:: Input data ::

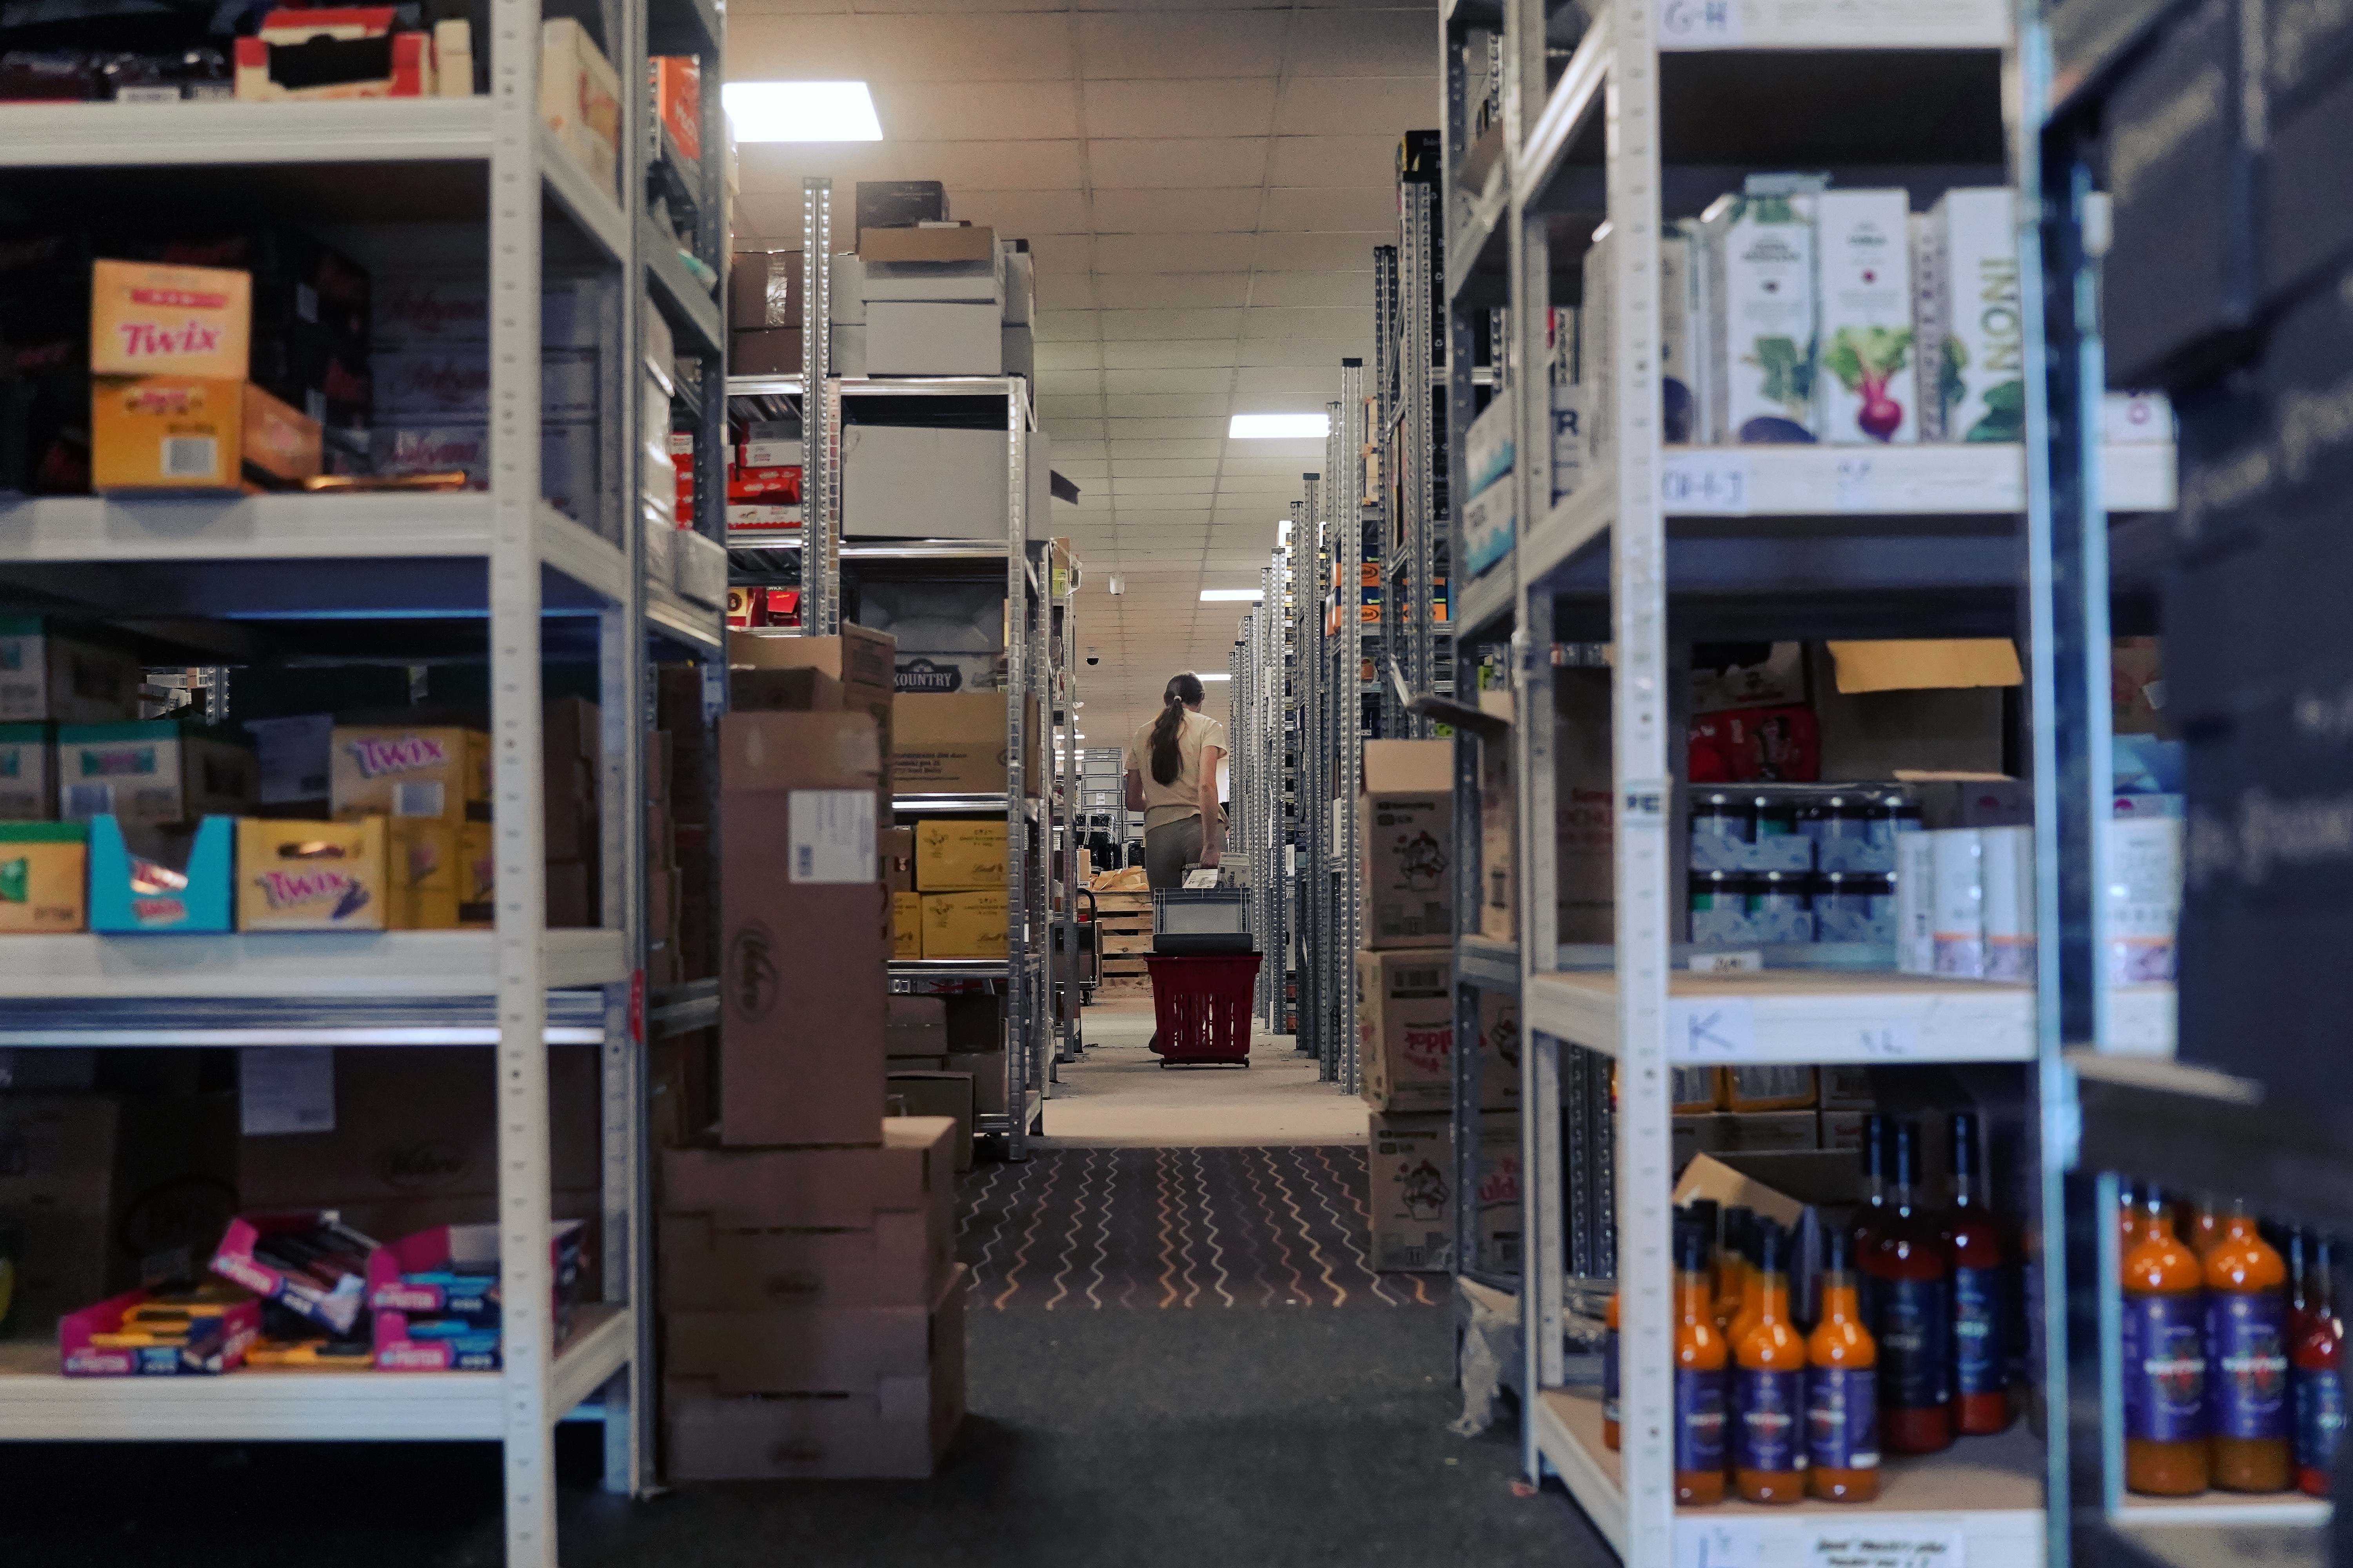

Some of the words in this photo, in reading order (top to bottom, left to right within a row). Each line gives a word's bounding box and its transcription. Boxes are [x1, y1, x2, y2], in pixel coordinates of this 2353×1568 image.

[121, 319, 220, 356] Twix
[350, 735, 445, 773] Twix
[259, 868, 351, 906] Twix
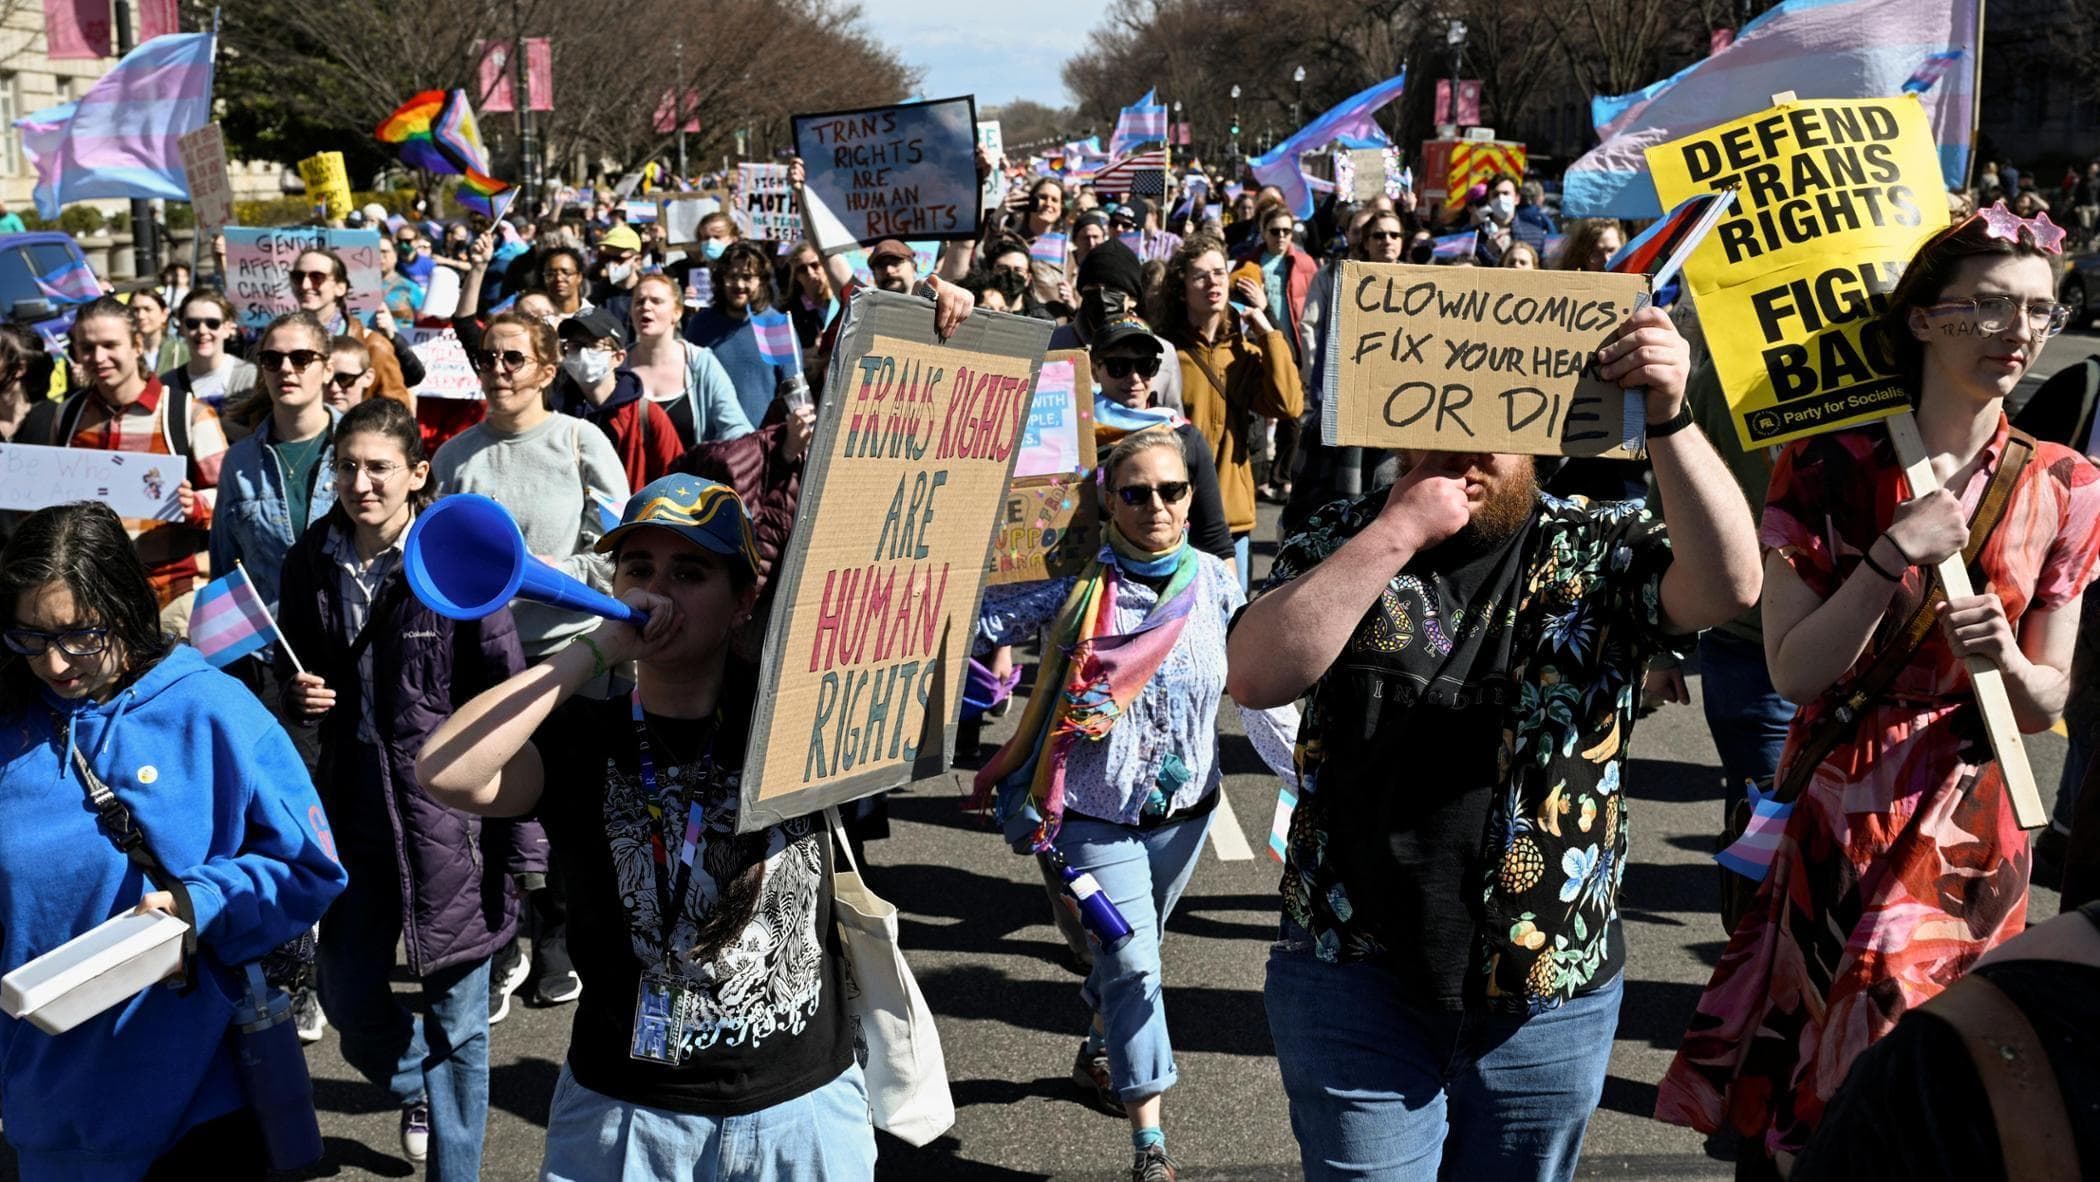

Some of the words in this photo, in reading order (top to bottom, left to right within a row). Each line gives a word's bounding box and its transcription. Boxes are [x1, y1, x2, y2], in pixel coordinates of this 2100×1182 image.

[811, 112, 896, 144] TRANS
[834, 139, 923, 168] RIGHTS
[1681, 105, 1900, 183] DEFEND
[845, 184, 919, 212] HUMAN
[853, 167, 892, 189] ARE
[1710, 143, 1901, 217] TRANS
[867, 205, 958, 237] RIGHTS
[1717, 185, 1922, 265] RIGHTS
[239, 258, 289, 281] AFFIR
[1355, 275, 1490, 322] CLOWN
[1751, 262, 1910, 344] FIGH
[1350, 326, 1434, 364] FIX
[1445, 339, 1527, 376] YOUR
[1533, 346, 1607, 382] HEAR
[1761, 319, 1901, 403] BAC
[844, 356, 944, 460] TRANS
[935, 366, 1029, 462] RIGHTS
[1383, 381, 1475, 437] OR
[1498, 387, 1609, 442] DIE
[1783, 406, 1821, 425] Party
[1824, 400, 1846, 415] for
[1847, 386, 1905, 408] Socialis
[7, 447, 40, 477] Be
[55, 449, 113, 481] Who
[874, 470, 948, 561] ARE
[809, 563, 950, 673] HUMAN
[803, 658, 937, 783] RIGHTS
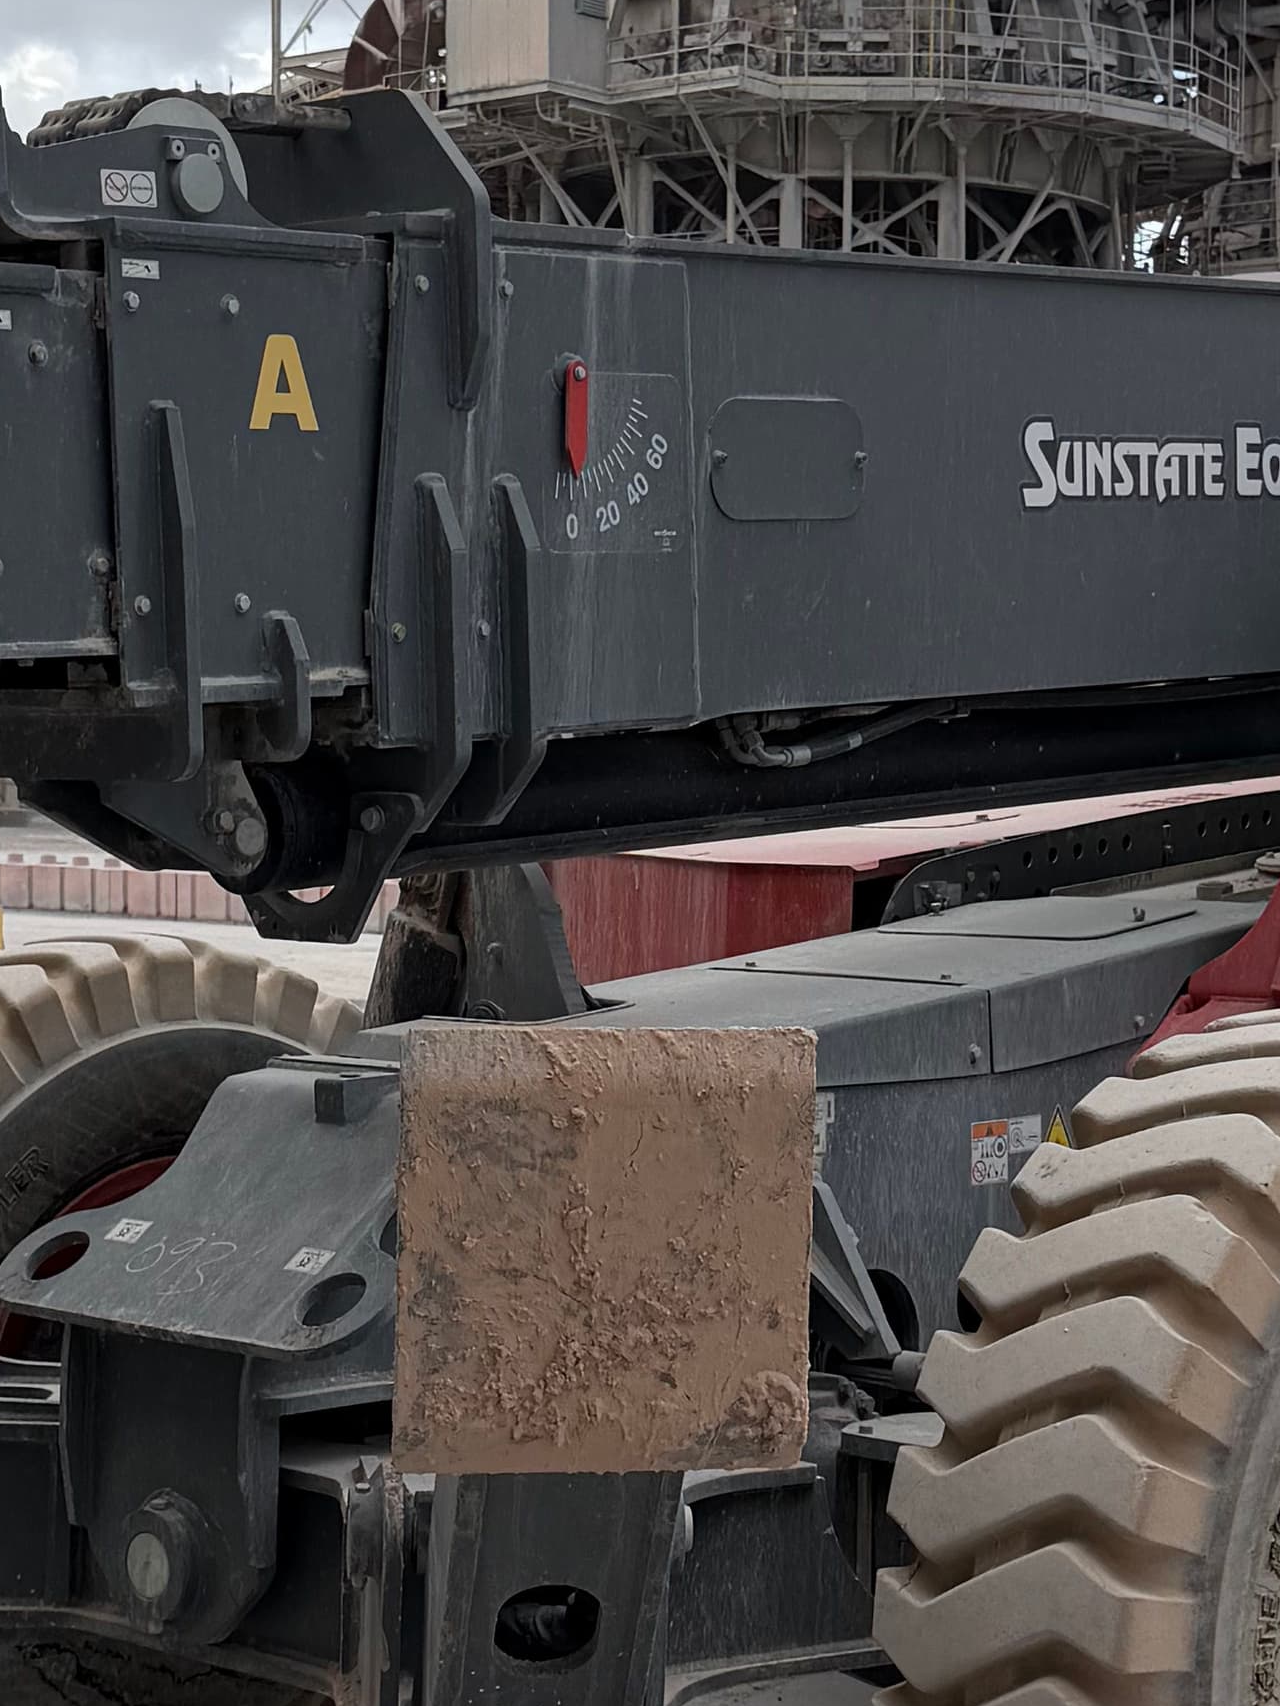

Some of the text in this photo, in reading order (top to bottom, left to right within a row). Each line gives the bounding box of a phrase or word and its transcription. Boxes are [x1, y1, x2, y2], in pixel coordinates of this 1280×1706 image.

:: Work to complete ::
Could you restate each record word for word, keeping the pictures out?

:: Task answer ::
Some of the words in this photo, in reading order (top to bottom, left to right within a row). Each line gives a word's bounding box and its transcription. Boxes are [x1, y1, x2, y2], in pixel coordinates of this 2353×1568 image.

[121, 319, 220, 356] Twix
[350, 735, 445, 773] Twix
[259, 868, 351, 906] Twix

Some of the words in this photo, in reading order (top to bottom, left to right within a row). Each line gives a word's bounding box and its transcription. Boxes are [x1, y1, x2, y2], in pixel coordinates of this 2100×1182 image.

[811, 112, 896, 144] TRANS
[834, 139, 923, 168] RIGHTS
[1681, 105, 1900, 183] DEFEND
[845, 184, 919, 212] HUMAN
[853, 167, 892, 189] ARE
[1710, 143, 1901, 217] TRANS
[867, 205, 958, 237] RIGHTS
[1717, 185, 1922, 265] RIGHTS
[239, 258, 289, 281] AFFIR
[1355, 275, 1490, 322] CLOWN
[1751, 262, 1910, 344] FIGH
[1350, 326, 1434, 364] FIX
[1445, 339, 1527, 376] YOUR
[1533, 346, 1607, 382] HEAR
[1761, 319, 1901, 403] BAC
[844, 356, 944, 460] TRANS
[935, 366, 1029, 462] RIGHTS
[1383, 381, 1475, 437] OR
[1498, 387, 1609, 442] DIE
[1783, 406, 1821, 425] Party
[1824, 400, 1846, 415] for
[1847, 386, 1905, 408] Socialis
[7, 447, 40, 477] Be
[55, 449, 113, 481] Who
[874, 470, 948, 561] ARE
[809, 563, 950, 673] HUMAN
[803, 658, 937, 783] RIGHTS

Some of the text in this photo, in reading order (top to bottom, left to right within a row). Each line gives the bounding box of a phrase or word and its transcription. Boxes are [x1, y1, x2, y2], in pixel coordinates of this 1280×1706 image.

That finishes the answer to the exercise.